Still a ways to go to catch Netflix

But Netflix, with more than 200 million subscribers, still has more global reach. WarnerMedia’s HBO Max streaming service, and Discovery’s platform, Discovery+, have roughly 60 million subscribers between them. They also reach more than 70 million cable TV households in the US, but that number shrinks every year, and there is certainly some overlap between them and the companies’ streaming subscribers.

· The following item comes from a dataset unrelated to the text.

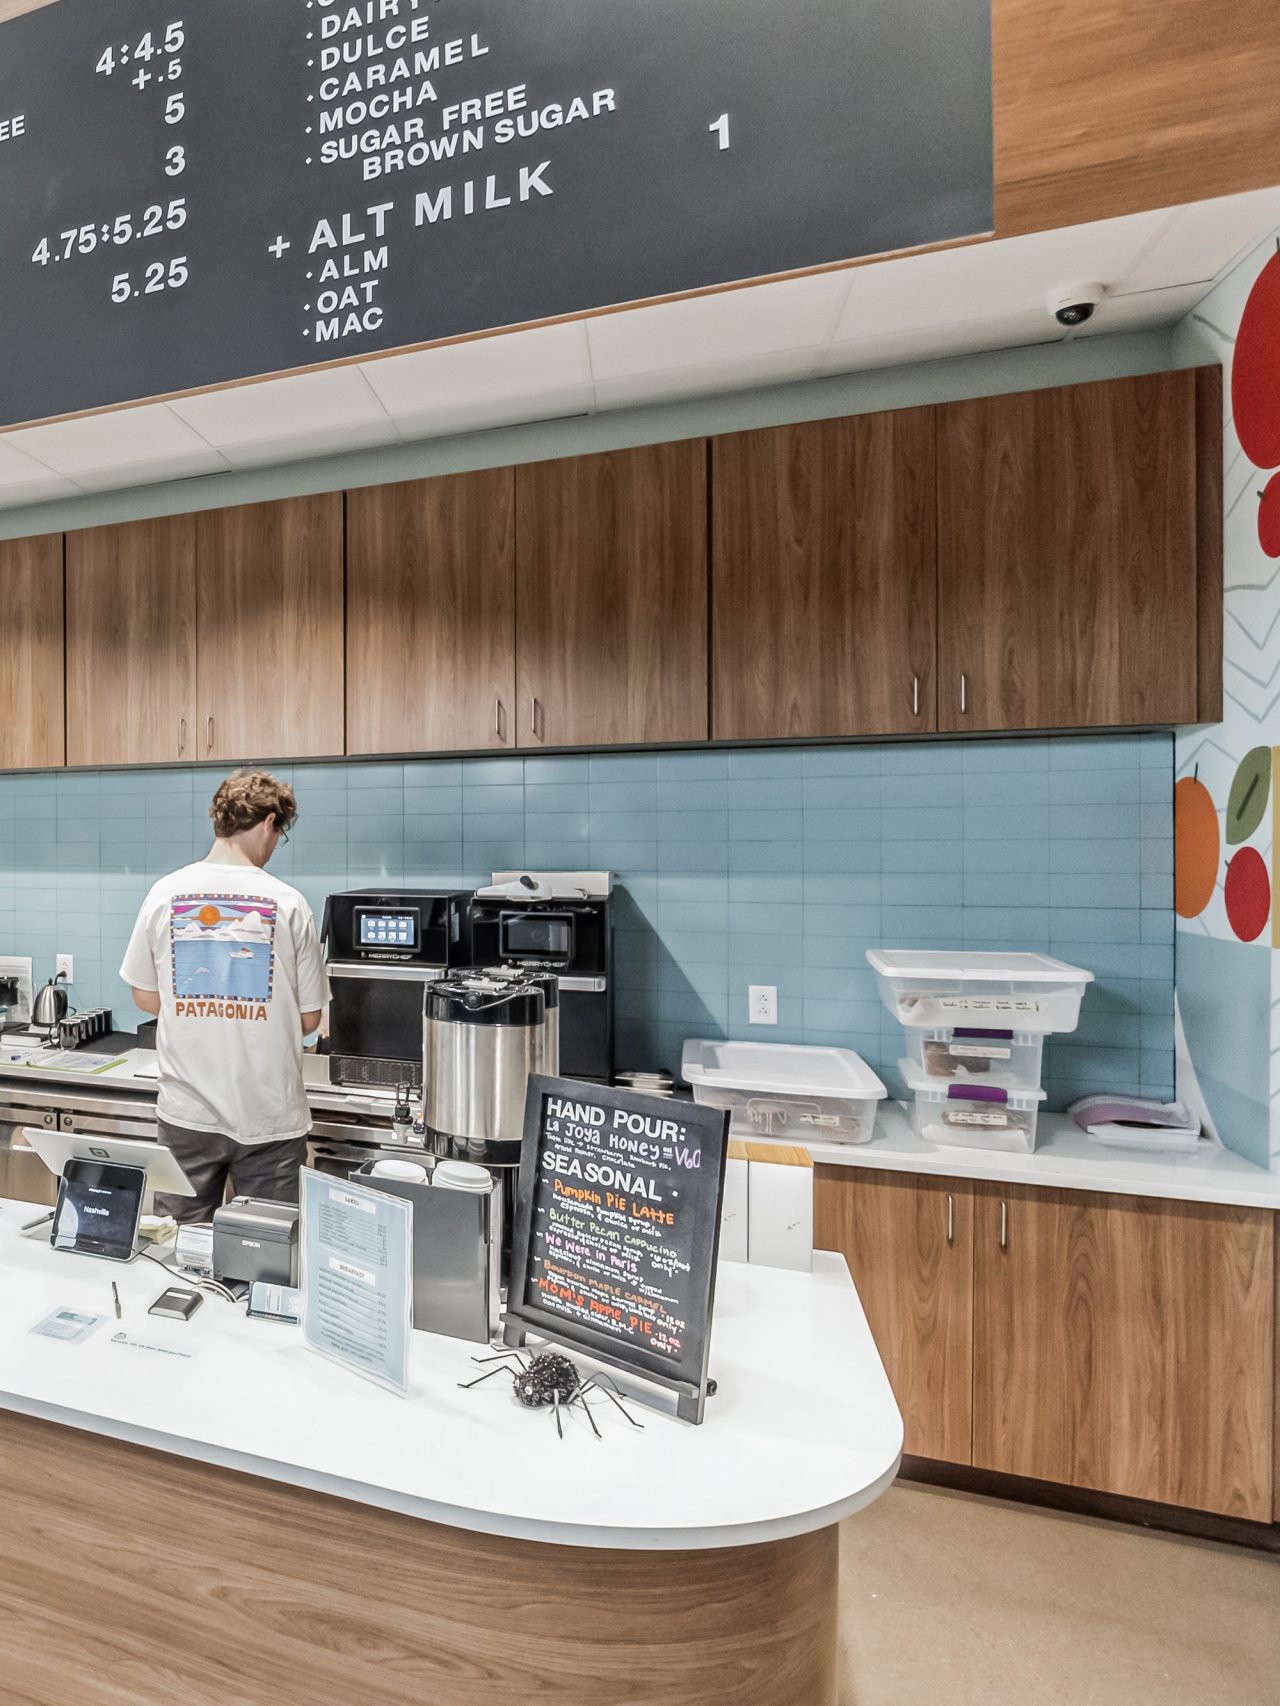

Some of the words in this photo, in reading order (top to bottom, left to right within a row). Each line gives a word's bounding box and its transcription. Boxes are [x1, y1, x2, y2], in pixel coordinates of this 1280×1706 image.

In order to truly compete with Netflix on a global scale, media companies need both a willingness to spend and also an infrastructure to support a push outside the US. Netflix is available in almost every country on Earth, while HBO Max and Discovery+ are offered in only a handful of countries. As a combined entity, their global streaming expansions could come much easier. Zaslav said his goal is for the new company is to eventually reach 400 million homes “over the long term.”

Who’s next to merge

Already, other media companies appear to be working behind the scenes to find new partners. According to the Information, Amazon is considering a deal to buy MGM, the studio behind the James Bond and Rocky franchises, among others. Amazon’s interest in MGM is purely its intellectual property: The e-commerce giant doesn’t need MGM’s resources, but it would love to own—and expand on—properties like Bond, and use those as selling points to potential streaming subscribers around the world.

NBCUniversal may partner up as well. Rumors have swirled for months that NBCU was interested in joining forces with WarnerMedia in order to better compete with Netflix. Now that that’s seemingly off the table, ViacomCBS has emerged as a candidate for consolidation. Both companies have recently launched streaming services (NBCU’s Peacock and ViacomCBS’ Paramount+) and would benefit from the other’s content libraries. But, as it stands now, neither poses much of a threat outside the US to Netflix or Disney, which, of course, made a mega deal of its own in 2019 when it acquired Fox’s entertainment assets.

If NBCU and ViacomCBS don’t merge themselves, they’ll likely look to scoop up some of the other content providers that, for now, remain independent: AMC Networks, Lionsgate, Sony, among others. Sony has decided it’s not interested in playing the global streaming game, and instead has turned into something of a mercenary, selling its content—which includes Spider-Man and Ghostbusters—to several other companies, including Netflix and Disney. That’s one way toward sustainability for the smaller media companies, but it is a considerably lower stakes play.

There are still lots of unanswered questions about the proposed WarnerMedia-Discovery deal. Zaslav wouldn’t state his plans for streaming—whether HBO Max and Discovery+ will combine, stay completely separate, or get bundled together for at one price. It’s also unclear how much say Zaslav or anyone else at Discovery will have over WarnerMedia content (and vice versa), or who, exactly, will be in charge of what at the new company.